- **What the task requires**: Once you have read the records, write them out again exactly.

*** Opening Entries shown ***

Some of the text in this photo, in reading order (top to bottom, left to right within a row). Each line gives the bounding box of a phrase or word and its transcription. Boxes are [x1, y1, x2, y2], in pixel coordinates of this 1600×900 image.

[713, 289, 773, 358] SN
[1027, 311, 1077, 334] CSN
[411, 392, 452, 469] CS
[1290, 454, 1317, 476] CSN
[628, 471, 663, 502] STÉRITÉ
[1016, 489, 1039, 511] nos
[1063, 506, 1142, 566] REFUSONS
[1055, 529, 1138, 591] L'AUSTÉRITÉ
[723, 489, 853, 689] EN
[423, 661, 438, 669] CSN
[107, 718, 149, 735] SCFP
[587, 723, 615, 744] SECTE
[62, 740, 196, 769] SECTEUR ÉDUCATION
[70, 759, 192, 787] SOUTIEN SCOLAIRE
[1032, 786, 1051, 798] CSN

*** Closing Entries shown ***

- **Your solution**:
Some of the text in this photo, in reading order (top to bottom, left to right within a row). Each line gives the bounding box of a phrase or word and its transcription. Boxes are [x1, y1, x2, y2], in pixel coordinates of this 1600×900 image.

[713, 289, 773, 358] SN
[1027, 311, 1077, 334] CSN
[411, 392, 452, 469] CS
[1290, 454, 1317, 476] CSN
[628, 471, 663, 502] STÉRITÉ
[1016, 489, 1039, 511] nos
[1063, 506, 1142, 566] REFUSONS
[1055, 529, 1138, 591] L'AUSTÉRITÉ
[723, 489, 853, 689] EN
[423, 661, 438, 669] CSN
[107, 718, 149, 735] SCFP
[587, 723, 615, 744] SECTE
[62, 740, 196, 769] SECTEUR ÉDUCATION
[70, 759, 192, 787] SOUTIEN SCOLAIRE
[1032, 786, 1051, 798] CSN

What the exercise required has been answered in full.